Berlin will Deutsch-Europa „in die eigene Hand nehmen“

Gunfight in Taormina

Von Klaus Wagener

Außenminister Gabriel fordert Widerstand gegen Trump“ (Stern) „‚Wir Europäer müssen unser Schicksal wirklich in unsere eigene Hand nehmen‘, so die Kanzlerin kämpferisch. Es lohne sich, ‚für dieses Europa auch zu kämpfen’“ (Focus). Die USA seien kein verlässlicher Partner mehr, so Merkel nach dem G7-Gipfel von Taormina auf Sizilien. Es scheint, als hätten sich die globalen politischen Fundamente seit dem Wahlsieg Donald Trumps radikal verschoben. Die Aussagen des politischen und journalistischen Establishments wären noch vor einem halben Jahr unter das Verdikt des schlimmsten Antiamerikanismus gefallen. Der Chefstratege der Münchener Sicherheitskonferenz, Wolfgang Ischinger, wird gar mit dem Trump-Vergleich einer „Abrissbirne“ zitiert, „die durch das Bauwerk der westlichen Wertegemeinschaft tobt“.

Die wortradikale Aufrüstung gegen das Imperium deutet in zwei Richtungen. Zum einen scheint die US-Delegation ihre Interessen, also vor allem ihren Kampf gegen die massiven Handelsbi-lanzüberschüsse Deutschlands und Chinas, mit Nachdruck vertreten zu haben, zum anderen nutzt die Bundesregierung das mit permanentem Medieneinsatz gezeichnete Negativbild Trump zu einer europastrategischen Offensive. Beides berührt die strategischen Kernanliegen des deutschen Imperialismus.

Die Euro-Konstruktion, verbunden mit der Errichtung „eines der besten Niedriglohnsektoren, den es in Europa gibt“ (Gerhard Schröder), ermöglicht der deutschen Exportindustrie in einer Kombination von massiver Kreditausweitung, niedrigen Lohnkosten und Währungsdumping beste Exportkonditionen.
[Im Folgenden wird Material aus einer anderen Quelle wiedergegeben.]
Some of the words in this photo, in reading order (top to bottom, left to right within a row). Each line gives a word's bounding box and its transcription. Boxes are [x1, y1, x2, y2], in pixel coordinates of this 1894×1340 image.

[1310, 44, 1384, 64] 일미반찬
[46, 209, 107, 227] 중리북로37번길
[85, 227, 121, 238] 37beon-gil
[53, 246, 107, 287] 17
Der Euro ist für die deutsche Wirtschaft zu schwach und für fast alle übrigen Euro-Staaten zu stark. Die deutsche Exportwirtschaft profitiert vom schwachen Euro, dessen Wert zusätzlich noch von der Europäischen Zentralbank gedrückt wird, mittelbar vom Elend der südeuropäischen Euro-Staaten. Und dieser Gewinn fällt nicht nur in Europa, sondern weltweit an. Und so besteht ein massives Interesse der deutschen Exportwirtschaft und des hinter ihr stehenden Finanzkapitals, um diese Profitmaschine am Laufen zu halten.
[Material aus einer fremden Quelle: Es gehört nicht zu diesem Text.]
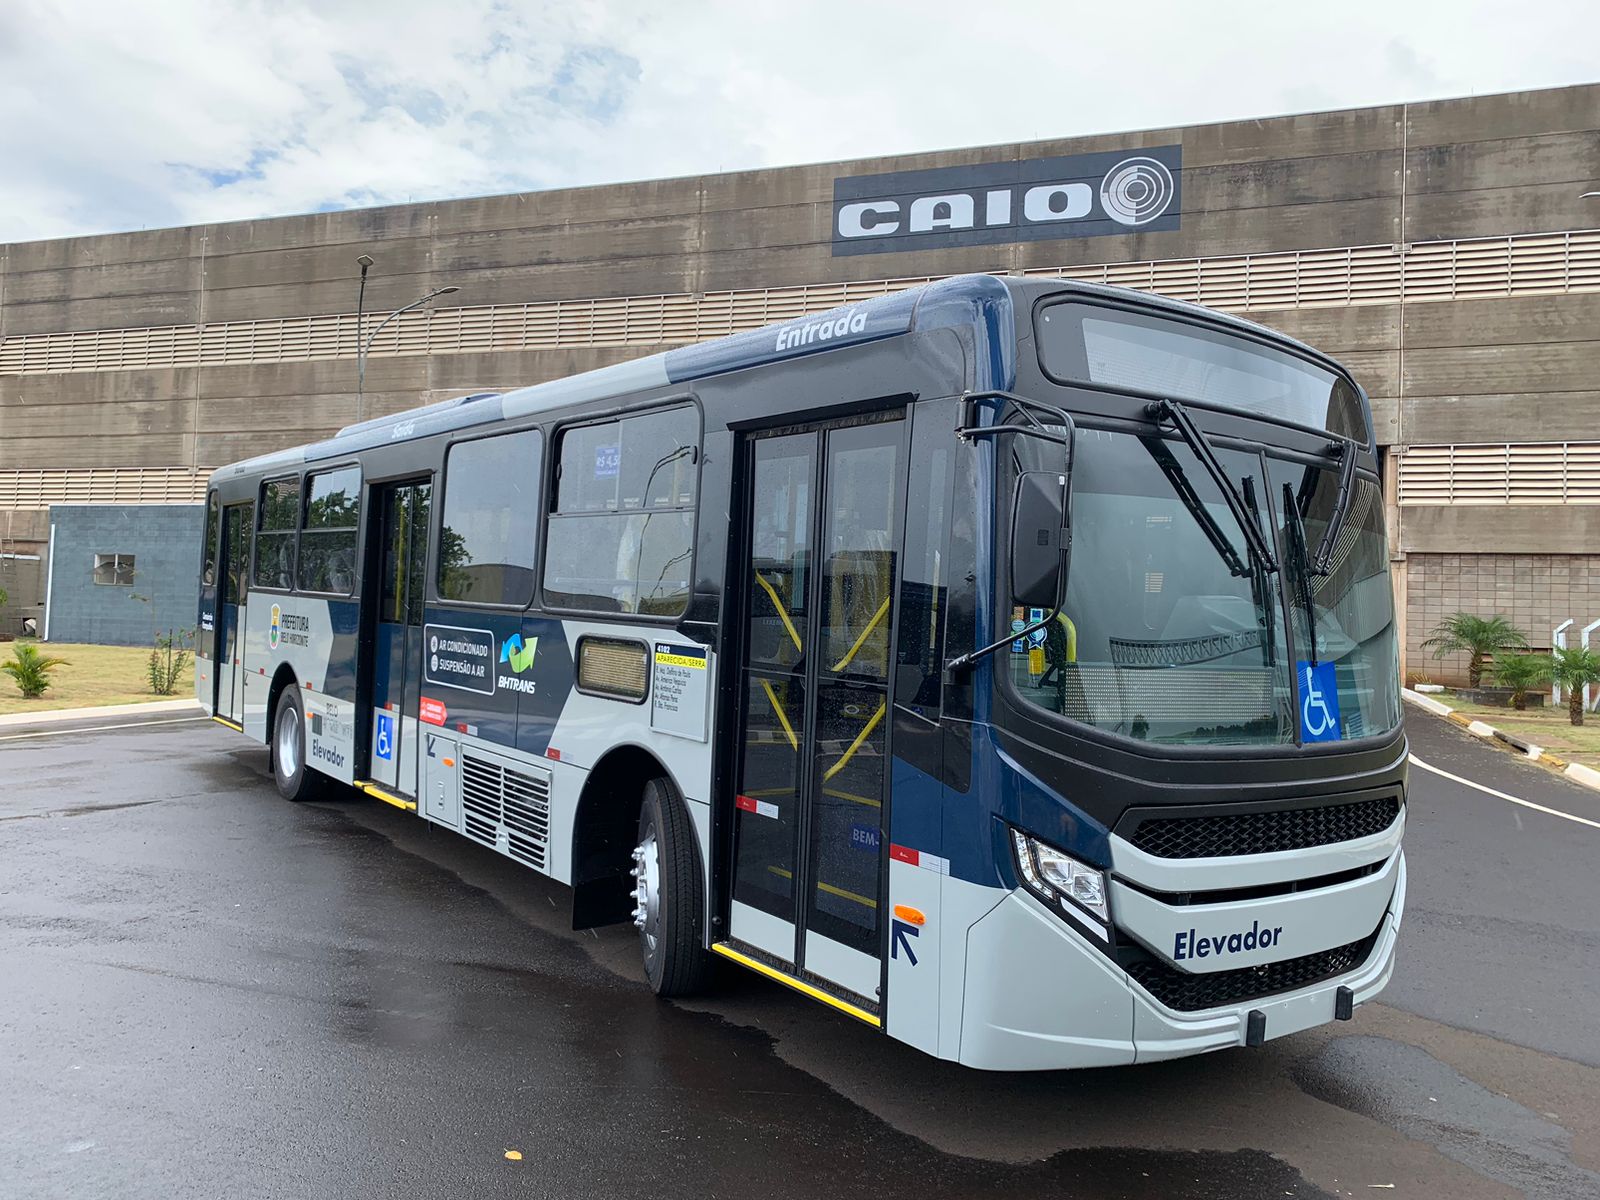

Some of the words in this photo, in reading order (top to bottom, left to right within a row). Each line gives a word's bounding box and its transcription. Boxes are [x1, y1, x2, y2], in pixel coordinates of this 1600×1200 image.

[838, 183, 1093, 238] CAIO
[775, 308, 868, 352] Entrada
[281, 613, 310, 632] PREFEITURA
[439, 640, 447, 653] AR
[447, 640, 488, 657] CONDICIONADO
[439, 659, 470, 675] SUSPENSÃO
[471, 665, 476, 676] A
[476, 666, 485, 678] AR
[498, 676, 536, 694] BHTRANS
[312, 738, 345, 768] Elevador
[1174, 920, 1282, 960] Elevador
Nun sind Handelsfragen in allererster Linie Machtfragen. Kann beispielsweise Griechenland sich gegen die deutsche Dominanz und die von ihr inszenierte Ausplünderung des Landes kaum wehren, so können es die USA sehr wohl. Auch die Obama-Regierung hatte die Handelsungleichgewichte mit Deutschland und China angeprangert. Allerdings ist mit Donald Trump nun jemand auf der Bildfläche erschienen, der es nicht nur bei warmen Worten bewenden zu lassen beabsichtigt. Trump erscheint als massive Bedrohung deutscher Extraprofite. Und jemand der so etwas vorhat, kann kein Freund von Angela Merkel und Sigmar Gabriel sein. Von Liz Mohn und Friede Springer ganz zu schweigen.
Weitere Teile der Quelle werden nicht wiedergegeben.